In the part of code:

$polecenie = "SELECT osoby.Id ,osoby.Imie ,
osoby.Nazwisko,osoby.Tytul,osoby.Email,adrespraca. Adres AS ap,
adrespraca.KodPoczt AS
KodP,adrespraca.NazwaInstytucji,adrespraca.Miasto AS MiastP,
adrespraca.Wojewodztwo AS wojPr,adrespraca.NrTelefonu As
TelP,adresdom.Adres,adresdom.KodPoczt,
adresdom.Miasto,adresdom.Wojewodztwo,adresdom.NrTe lefonu,studia.Od,studia.Do,
studia.Kierunek,studia.MiejscStud,studia.IdUczelni ,uczelnia.NazwaUczelni
as nazwUcz FROM osoby
INNER JOIN adrespraca ON osoby.Id = adrespraca.UserId
INNER JOIN adresdom ON
osoby.Id = adresdom.UserId INNER JOIN studia ON osoby.Id
= studia.IdStudenta INNER JOIN
uczelnia ON uczelnia.IdUczelni = studia.IdUczelni INNER
JOIN
wojew ON adrespraca.Wojewodztwo = wojew.IdWoj WHERE
osoby.imie='John' ";

$polaczenie = mysql_connect("127.0.0.1", $useName, $pass);
$baza = "sample";
mysql_select_db($baza, $polaczenie);

$result = mysql_query($polecenie,$polaczenie);

while($wiersz = mysql_fetch_array($result)){

//here I print the received data with print
($wiersz["Column_name"]);

}

So the problem is , that mysql_query() - function returns "Resource id
#2" as it should and after that when I call mysql_fetch_array($result)
it returns nothing - every time I try to receive less than 3 results.

Variable $polaczenie is just a sample in the code, usually it is
generated by function which for sure works properly. When "SELECT"
statement should return 3 or more results, it prints everything
staring from the 3rd.

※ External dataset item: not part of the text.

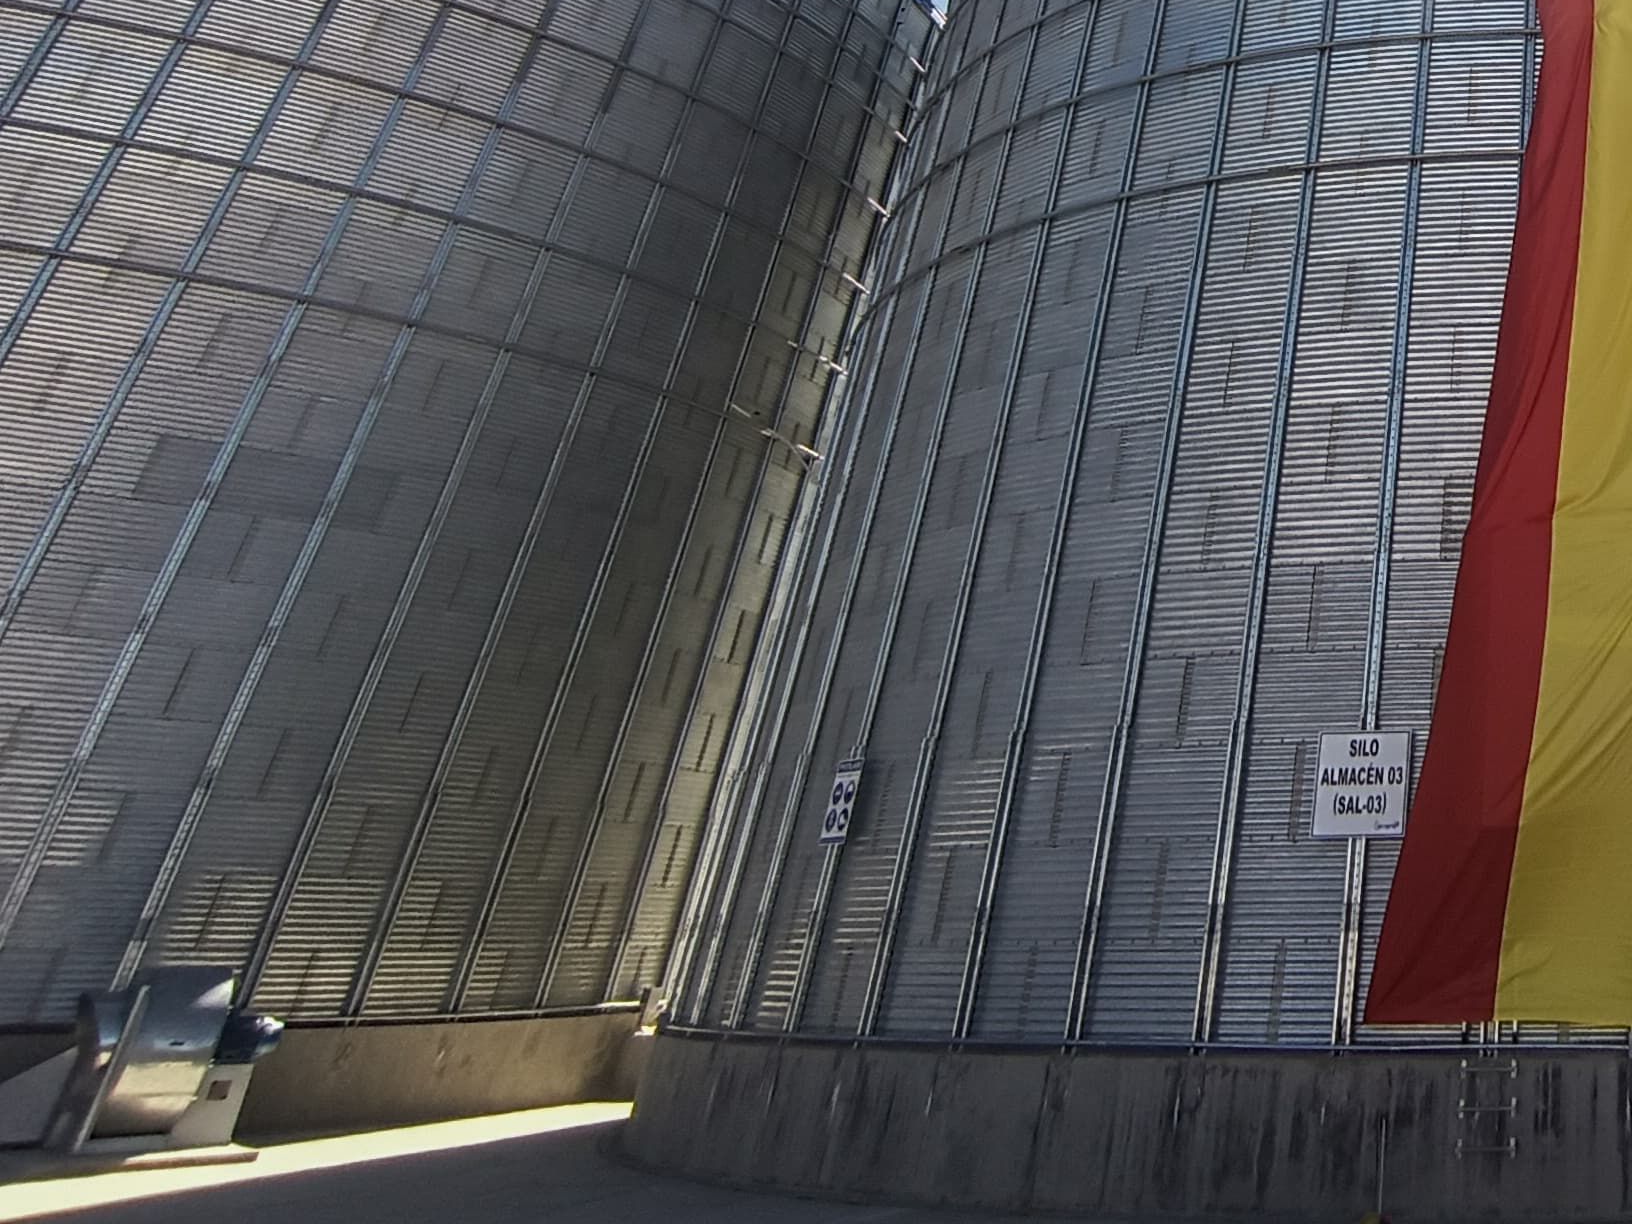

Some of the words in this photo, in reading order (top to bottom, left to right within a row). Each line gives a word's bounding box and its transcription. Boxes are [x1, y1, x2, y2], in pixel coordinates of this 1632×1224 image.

When I paste the generated "Select" statement
into the command line im MySql interface it works like it should.

I have no idea where the problem is, I would be grateful for replies.

Konrad
Jul 17 '05 #1
4 5241
> $polaczenie = mysql_connect("127.0.0.1", $useName, $pass);
$baza = "sample";
mysql_select_db($baza, $polaczenie);

$result = mysql_query($polecenie,$polaczenie);


//Here try the following:

echo "Number of rows in query: " . mysql_num_rows($result) . "<br>";

What does it tell you???

Greetings,

Gert.
Jul 17 '05 #2
On 13 Sep 2004 02:58:32 -0700, ko***@eranet.pl (Konrad) wrote:
[ snip ]

$result = mysql_query($polecenie,$polaczenie);

while($wiersz = mysql_fetch_array($result)){

//here I print the received data with print
($wiersz["Column_name"]);
So the problem is , that mysql_query() - function returns "Resource id
#2" as it should and after that when I call mysql_fetch_array($result)
it returns nothing - every time I try to receive less than 3 results.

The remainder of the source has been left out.